------ SUPPLIED DATA ------
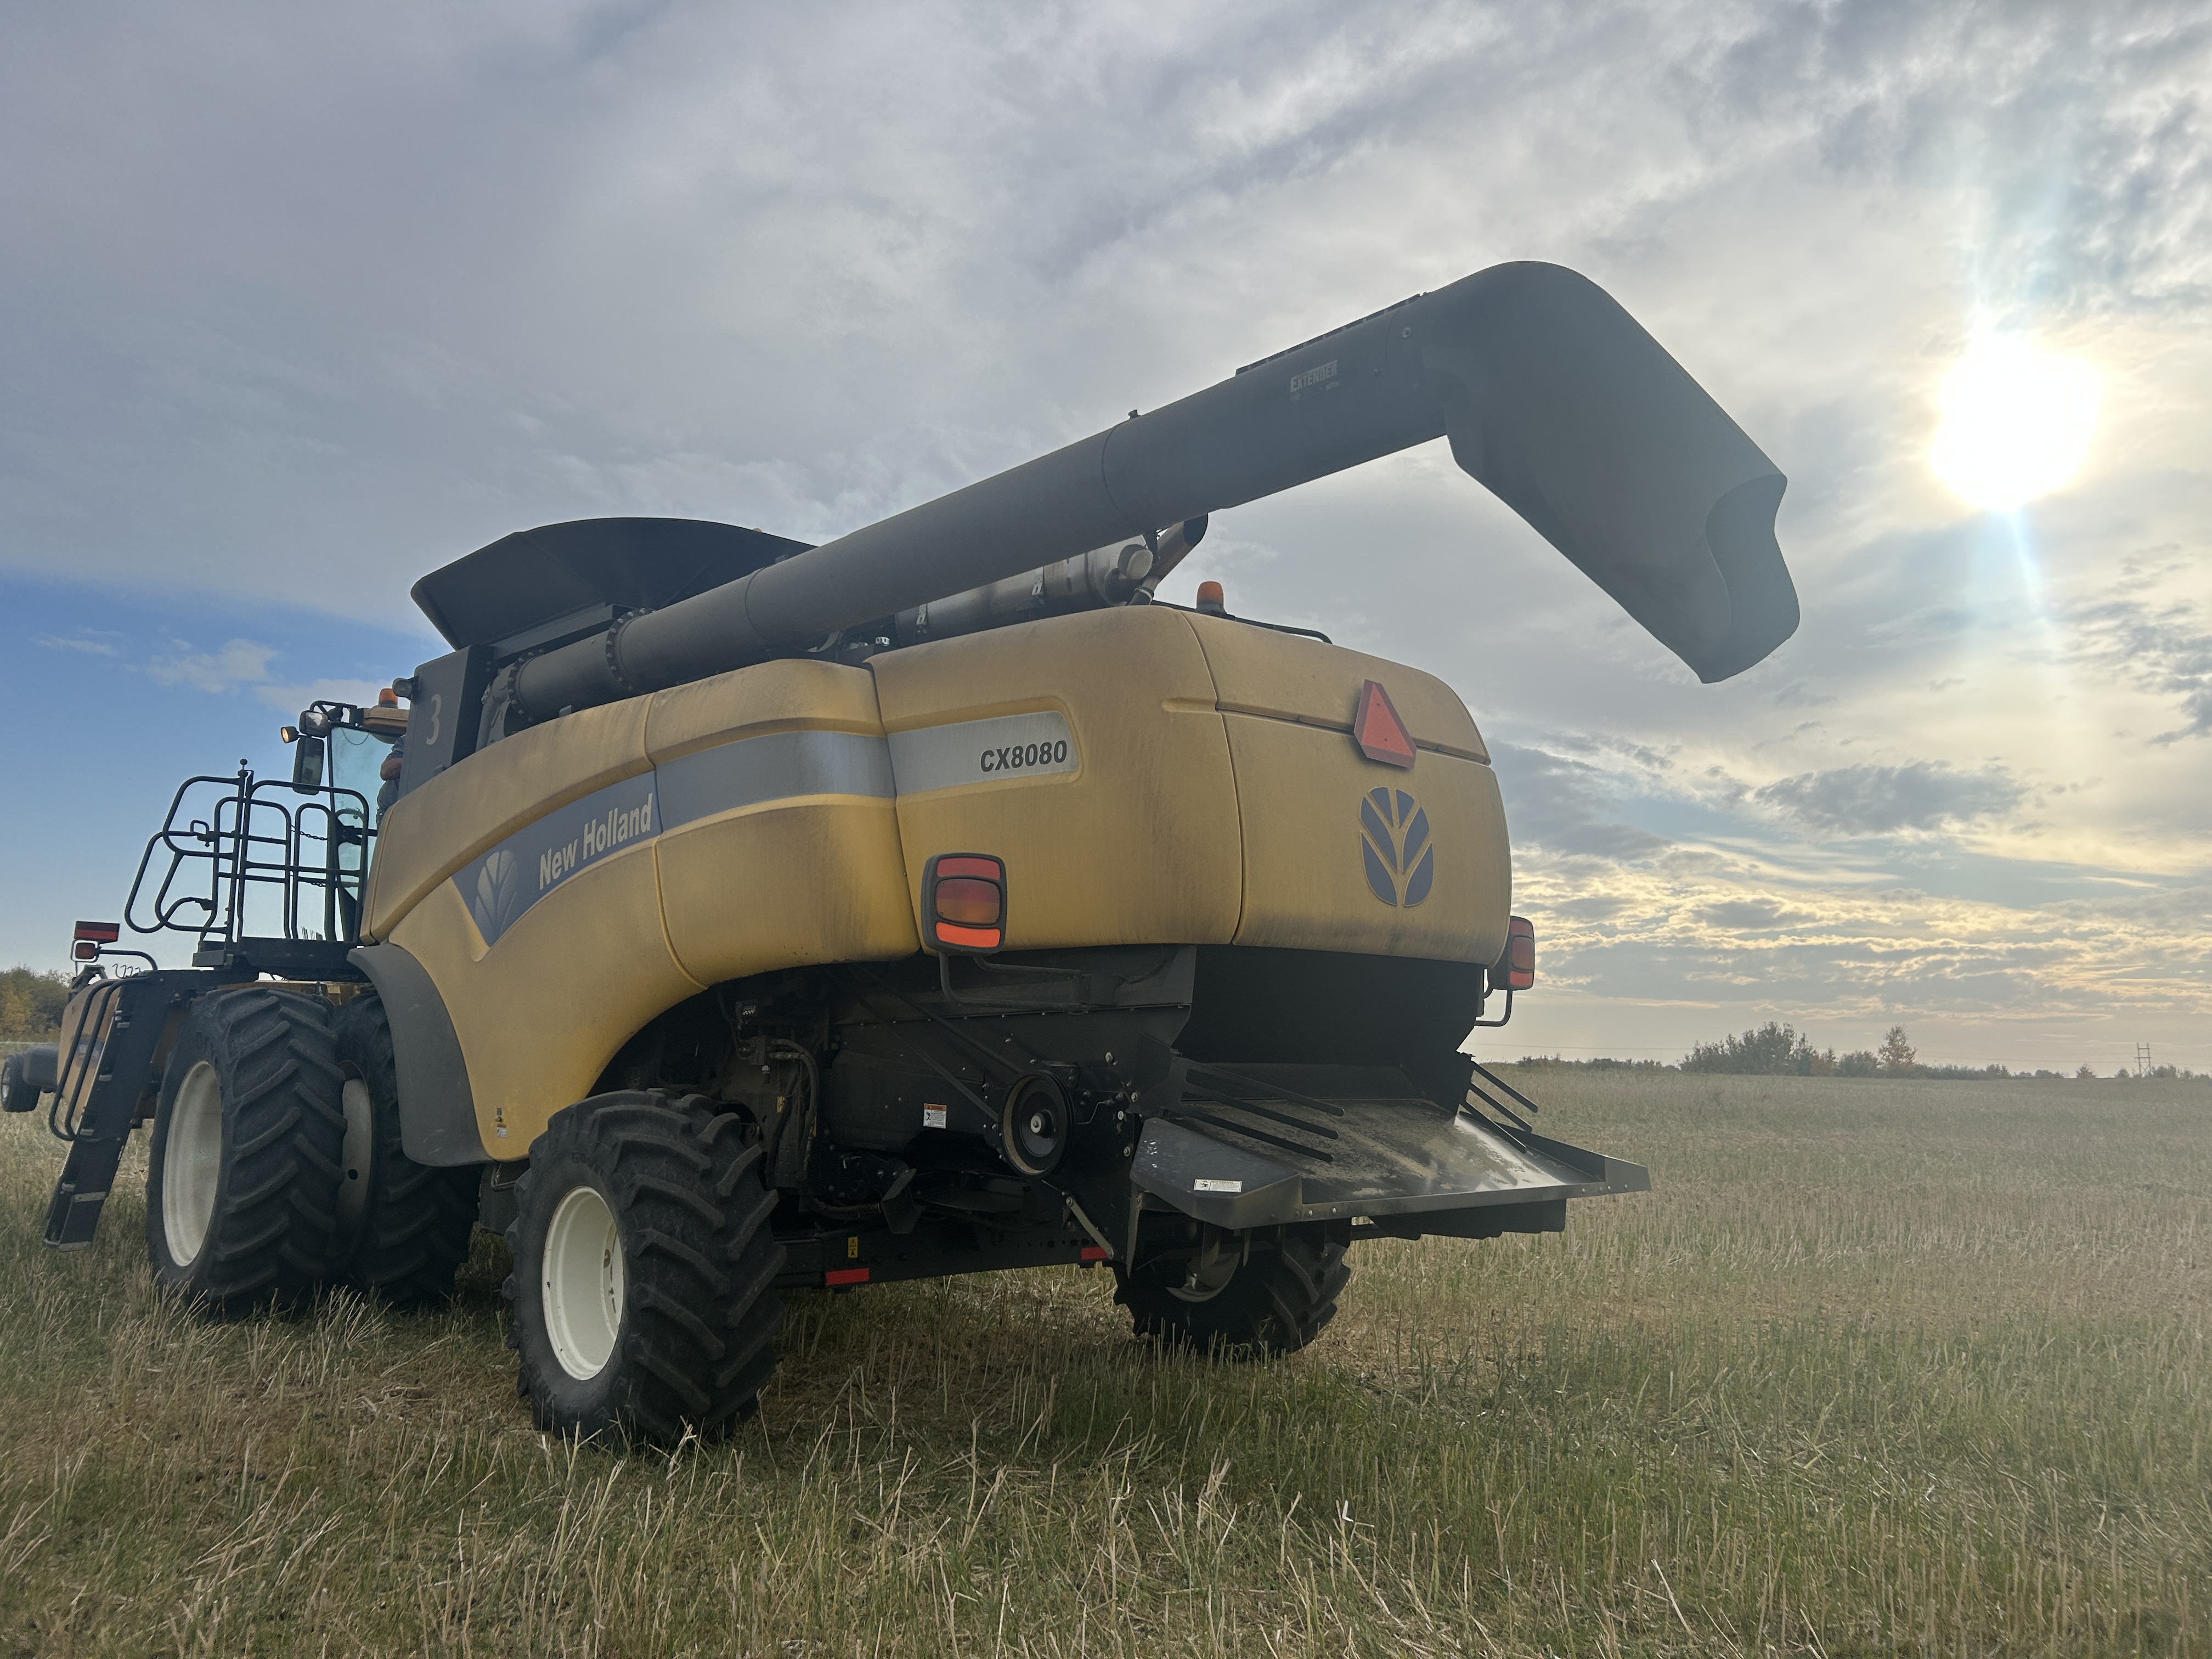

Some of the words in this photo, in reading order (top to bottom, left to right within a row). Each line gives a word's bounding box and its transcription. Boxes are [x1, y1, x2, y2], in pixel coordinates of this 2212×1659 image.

[1290, 360, 1338, 393] EXTENDER
[426, 694, 442, 745] 3
[980, 740, 1067, 772] CX8080
[539, 838, 578, 890] New
[583, 793, 653, 860] Holland
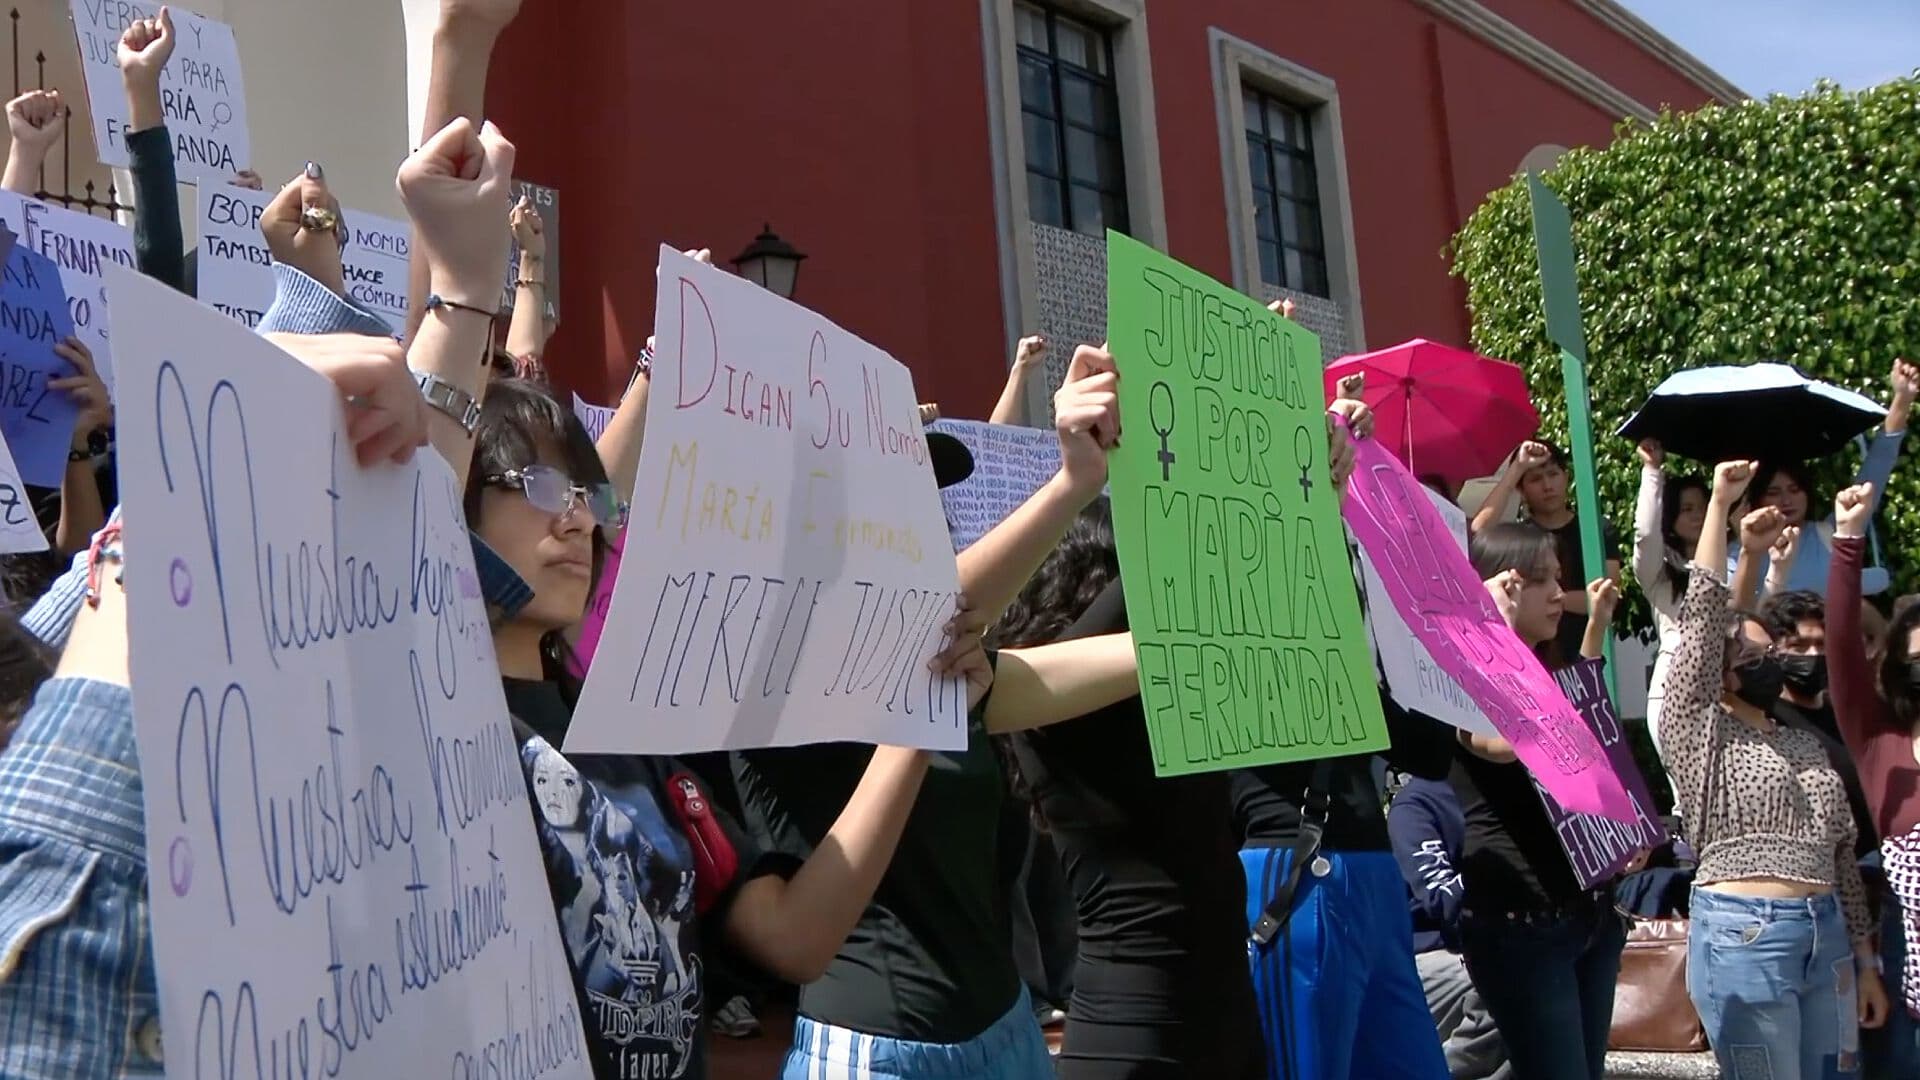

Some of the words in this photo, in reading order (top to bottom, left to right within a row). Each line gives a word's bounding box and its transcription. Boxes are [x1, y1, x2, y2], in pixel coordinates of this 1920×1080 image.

[189, 23, 202, 49] Y
[181, 57, 230, 96] PARA
[162, 88, 202, 124] RÍA
[106, 118, 237, 173] FEANDA
[205, 235, 273, 266] TAMBI
[356, 229, 409, 256] NOMB
[1194, 386, 1272, 488] POR
[157, 359, 399, 670] Nuestra
[1138, 642, 1367, 768] FERNANDA
[175, 682, 412, 928] Nuestra
------
### TO DO:
Write the data above out again exactly, every line of it, and exclude the pictures.

### RESPONSE FOR THIS EXERCISE:
Some of the words in this photo, in reading order (top to bottom, left to right within a row). Each line gives a word's bounding box and its transcription. Boxes are [x1, y1, x2, y2], in pixel coordinates of this 2212×1659 image.

[1290, 360, 1338, 393] EXTENDER
[426, 694, 442, 745] 3
[980, 740, 1067, 772] CX8080
[539, 838, 578, 890] New
[583, 793, 653, 860] Holland

Some of the words in this photo, in reading order (top to bottom, left to right within a row). Each line gives a word's bounding box and its transcription. Boxes are [x1, y1, x2, y2], in pixel coordinates of this 1920×1080 image.

[189, 23, 202, 49] Y
[181, 57, 230, 96] PARA
[162, 88, 202, 124] RÍA
[106, 118, 237, 173] FEANDA
[205, 235, 273, 266] TAMBI
[356, 229, 409, 256] NOMB
[1194, 386, 1272, 488] POR
[157, 359, 399, 670] Nuestra
[1138, 642, 1367, 768] FERNANDA
[175, 682, 412, 928] Nuestra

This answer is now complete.